▸ TASK REQUIREMENTS: Give back the whole listing word for word and skip each picture.

▸ DATASET CONTENT:
►

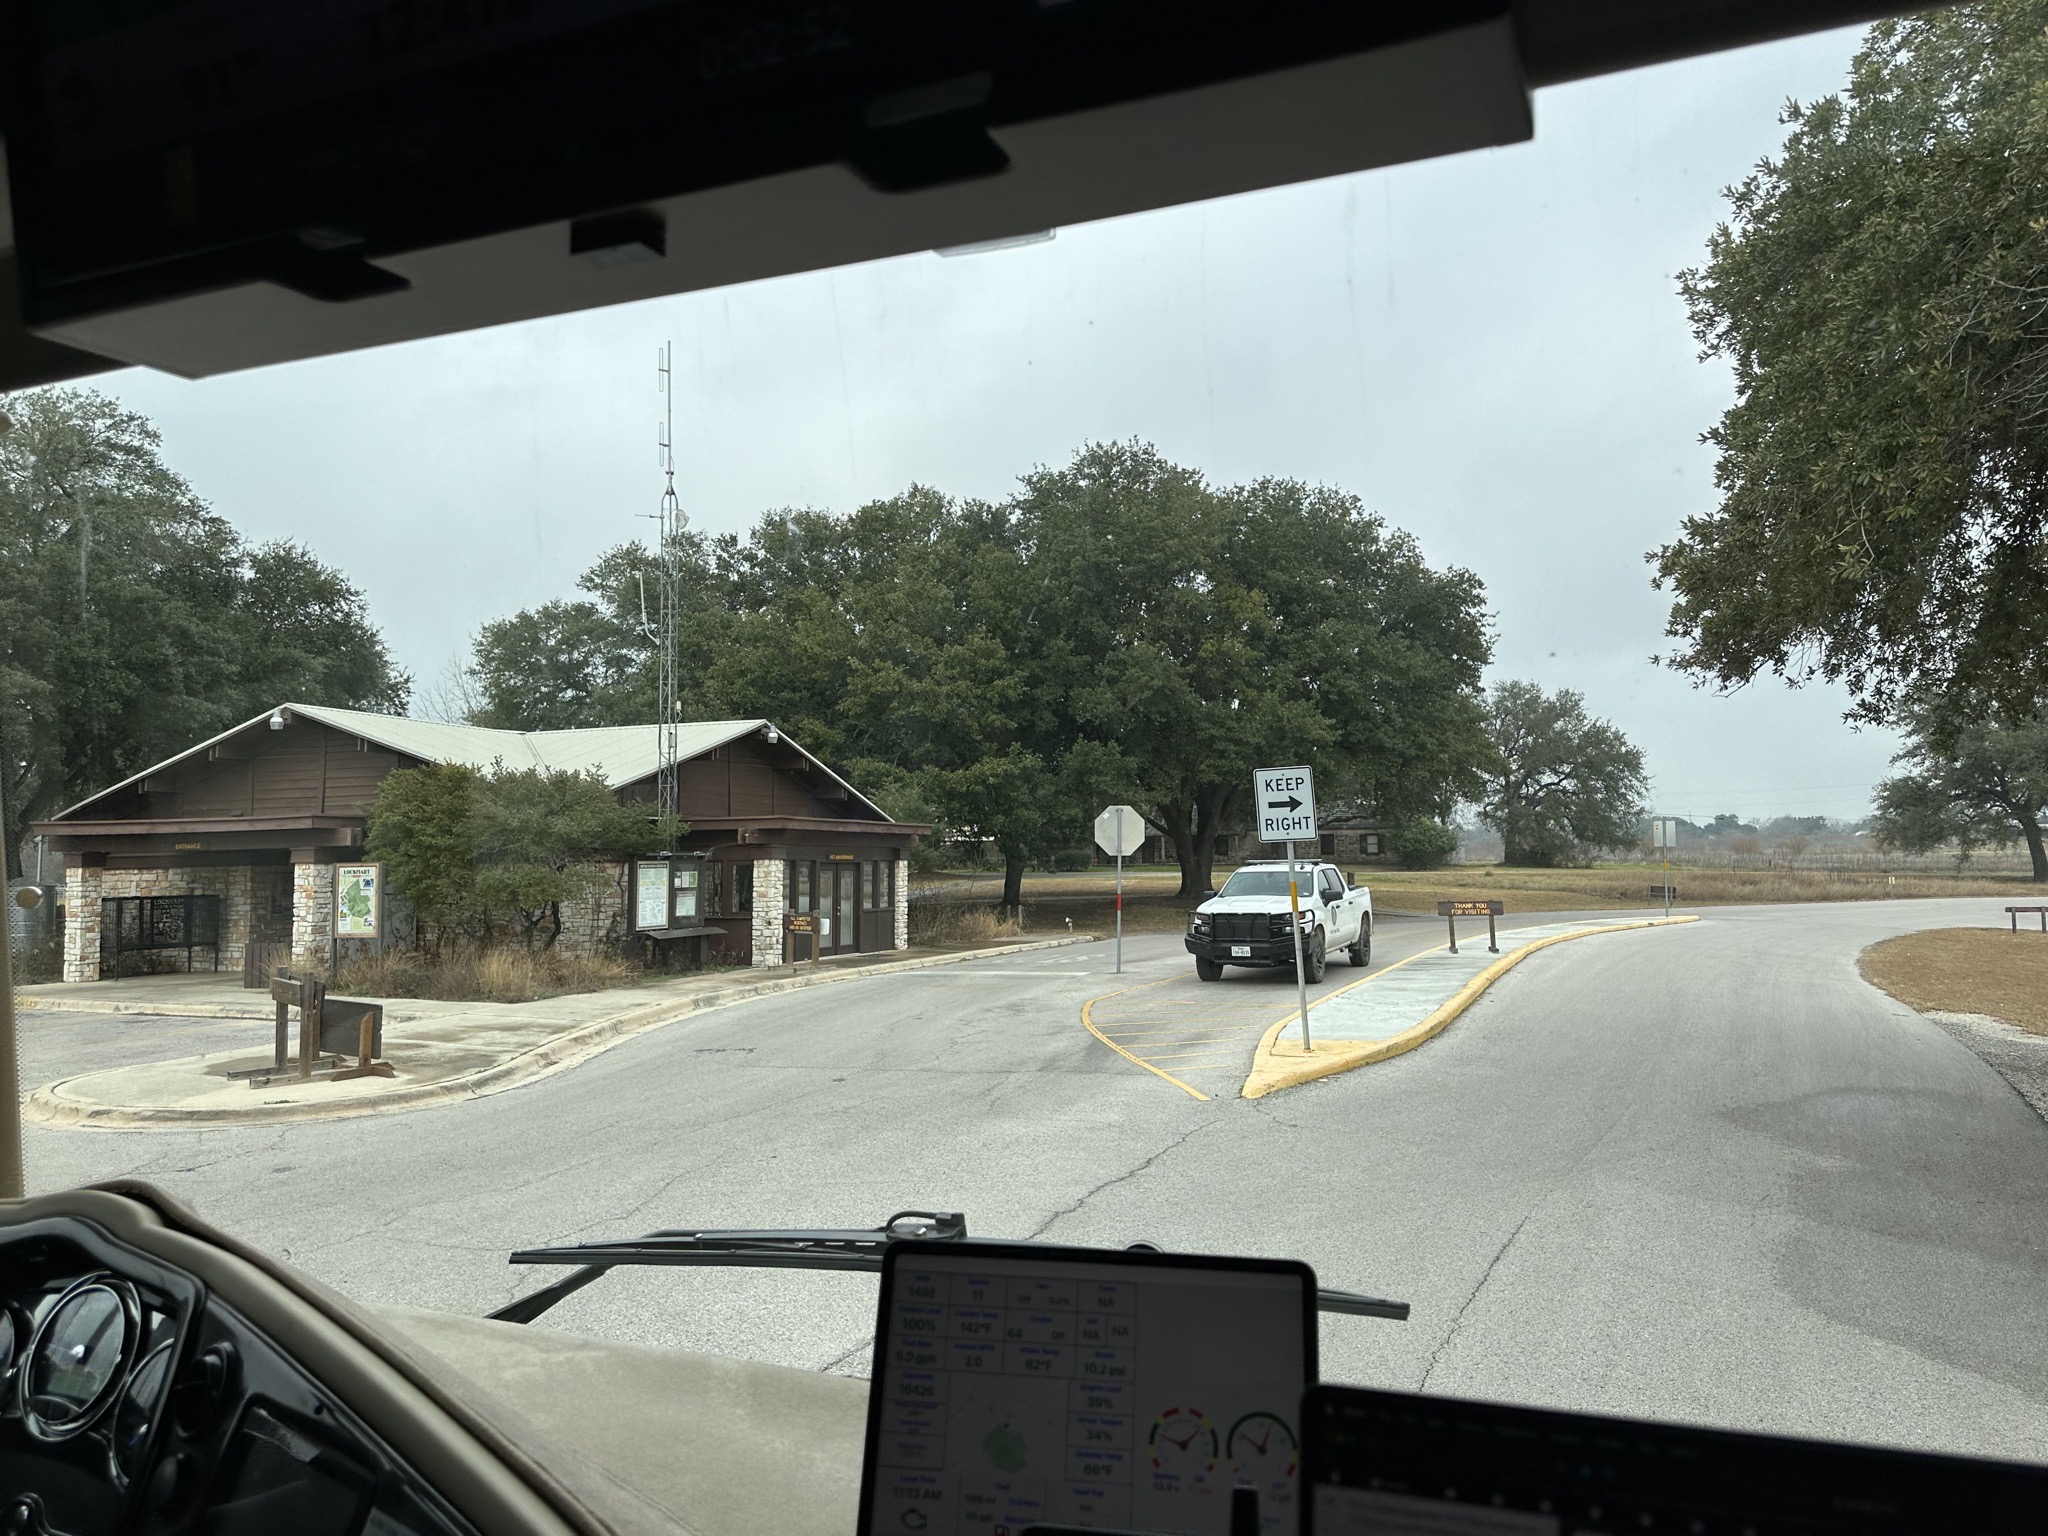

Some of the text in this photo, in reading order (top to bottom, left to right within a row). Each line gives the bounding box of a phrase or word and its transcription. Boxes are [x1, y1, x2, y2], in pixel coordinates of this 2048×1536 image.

[1265, 777, 1304, 792] KEEP
[1265, 816, 1311, 832] RIGHT
[1098, 1296, 1115, 1308] NA
[900, 1318, 937, 1331] 100%
[960, 1321, 993, 1334] 142°F
[1112, 1325, 1129, 1337] NA
[1082, 1329, 1100, 1340] NA
[1084, 1362, 1108, 1376] 10.2
[922, 1488, 942, 1501] AM
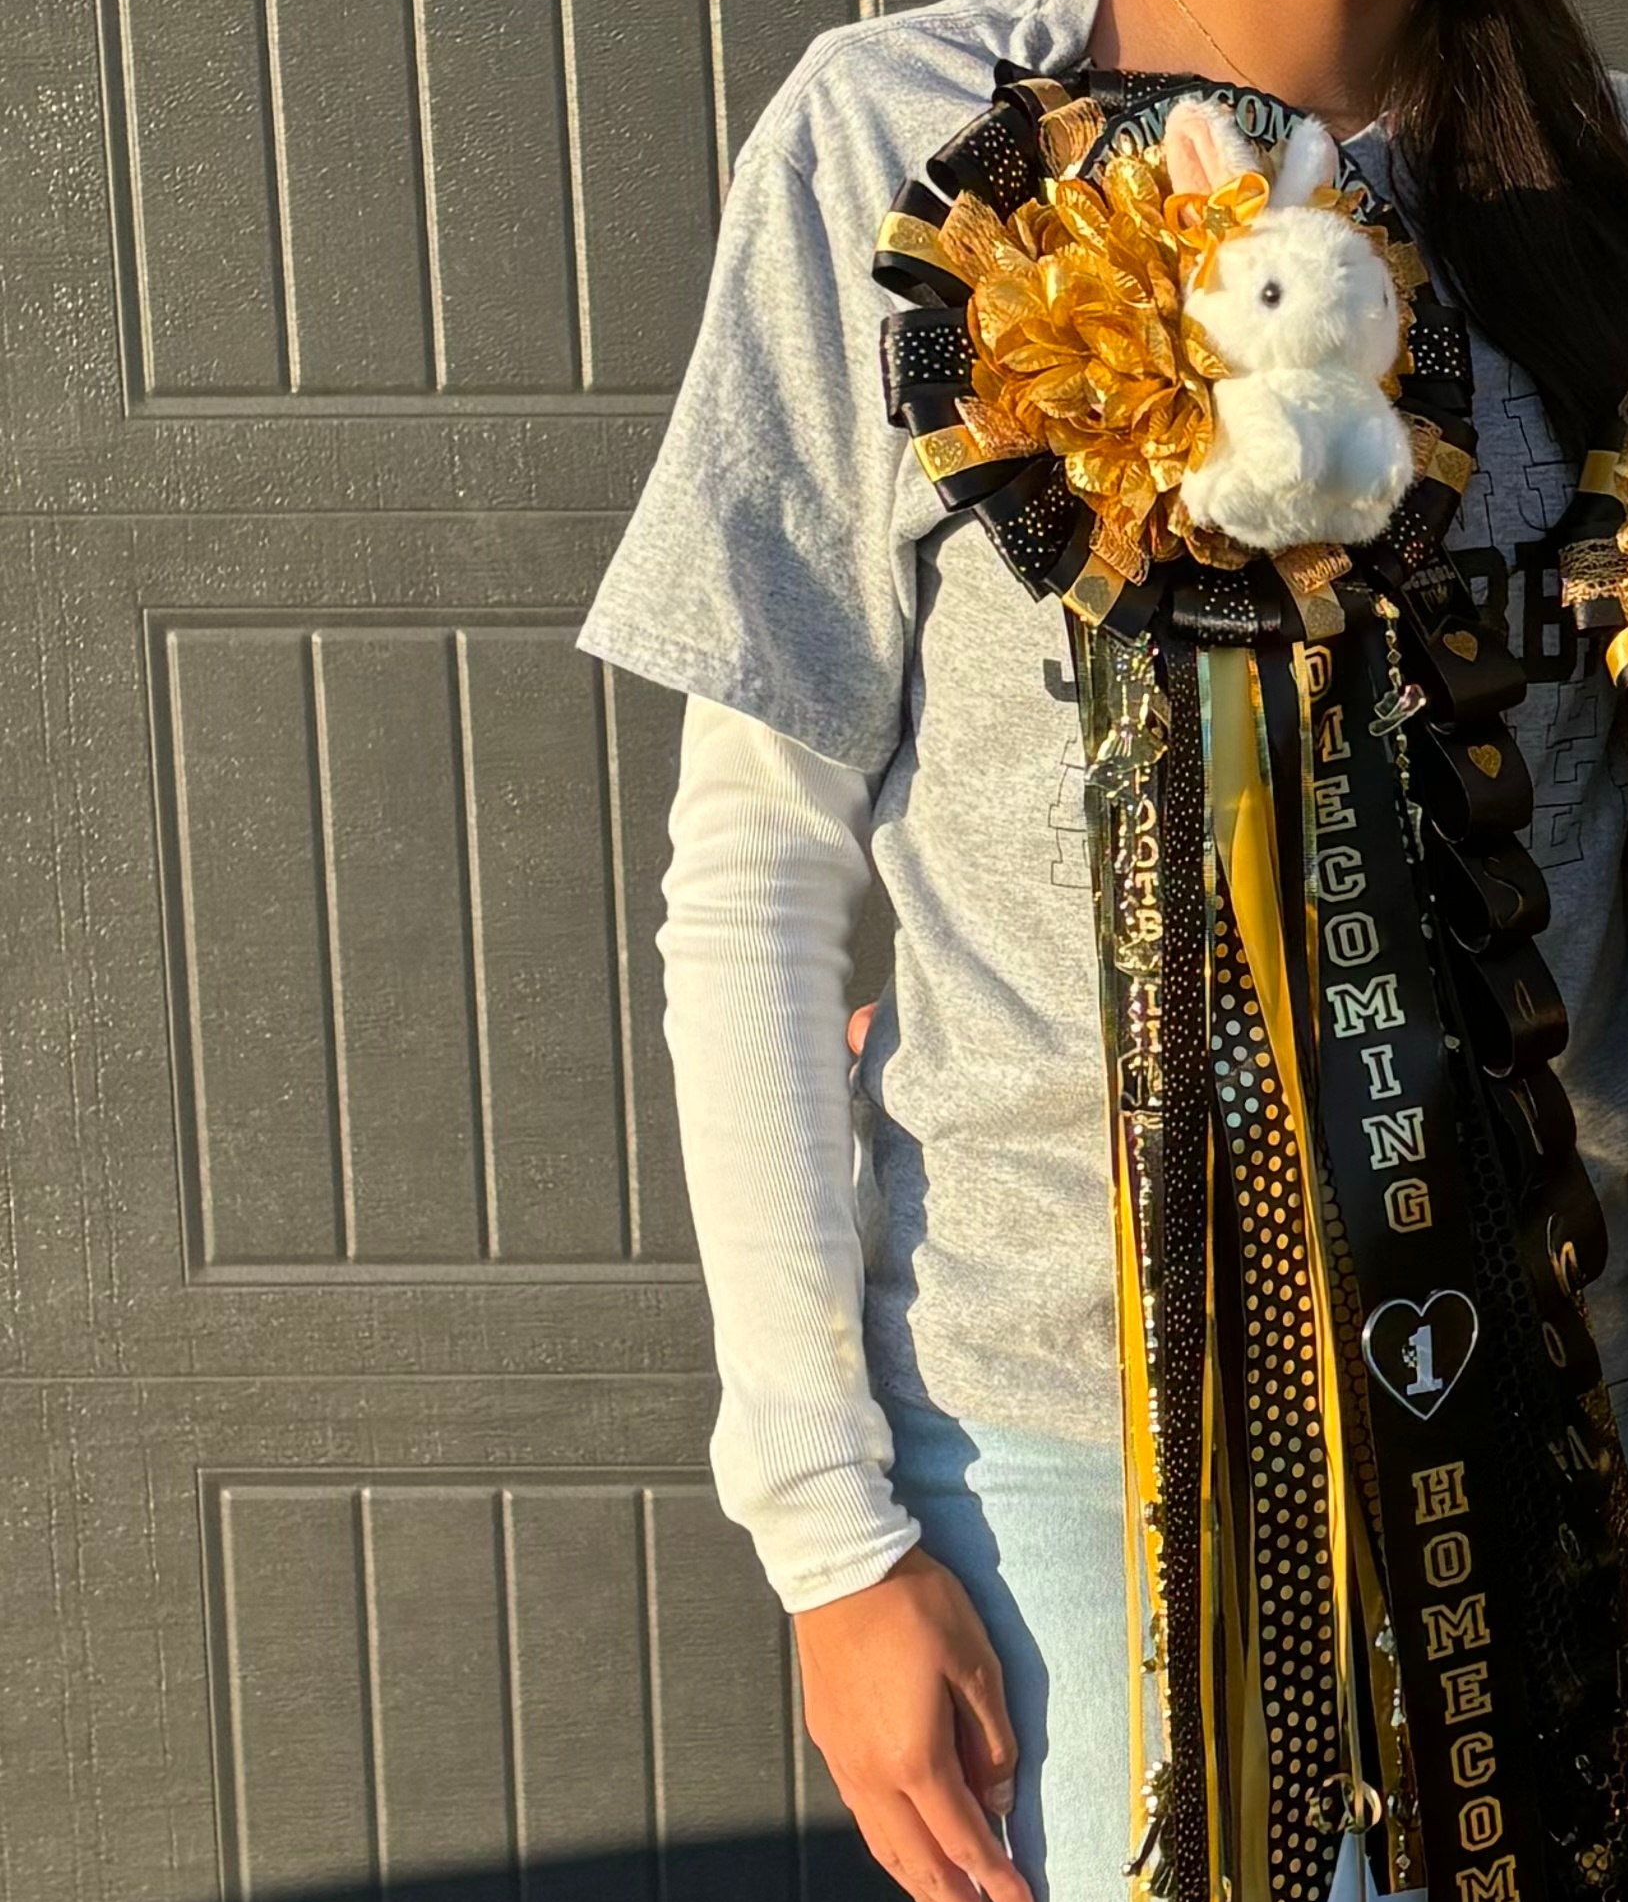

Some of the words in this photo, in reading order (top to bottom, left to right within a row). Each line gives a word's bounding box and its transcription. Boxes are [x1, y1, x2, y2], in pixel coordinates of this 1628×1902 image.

[1133, 766, 1165, 1054] FOOTBLL
[1288, 643, 1433, 1234] OMECOMING
[1406, 1324, 1444, 1396] 1

◄

▸ WRITTEN SOLUTION:
Some of the text in this photo, in reading order (top to bottom, left to right within a row). Each line gives the bounding box of a phrase or word and its transcription. Boxes are [x1, y1, x2, y2], in pixel coordinates of this 2048×1536 image.

[1265, 777, 1304, 792] KEEP
[1265, 816, 1311, 832] RIGHT
[1098, 1296, 1115, 1308] NA
[900, 1318, 937, 1331] 100%
[960, 1321, 993, 1334] 142°F
[1112, 1325, 1129, 1337] NA
[1082, 1329, 1100, 1340] NA
[1084, 1362, 1108, 1376] 10.2
[922, 1488, 942, 1501] AM

Some of the words in this photo, in reading order (top to bottom, left to right within a row). Each line gives a word's bounding box and its transcription. Boxes are [x1, y1, x2, y2], in pixel coordinates of this 1628×1902 image.

[1133, 766, 1165, 1054] FOOTBLL
[1288, 643, 1433, 1234] OMECOMING
[1406, 1324, 1444, 1396] 1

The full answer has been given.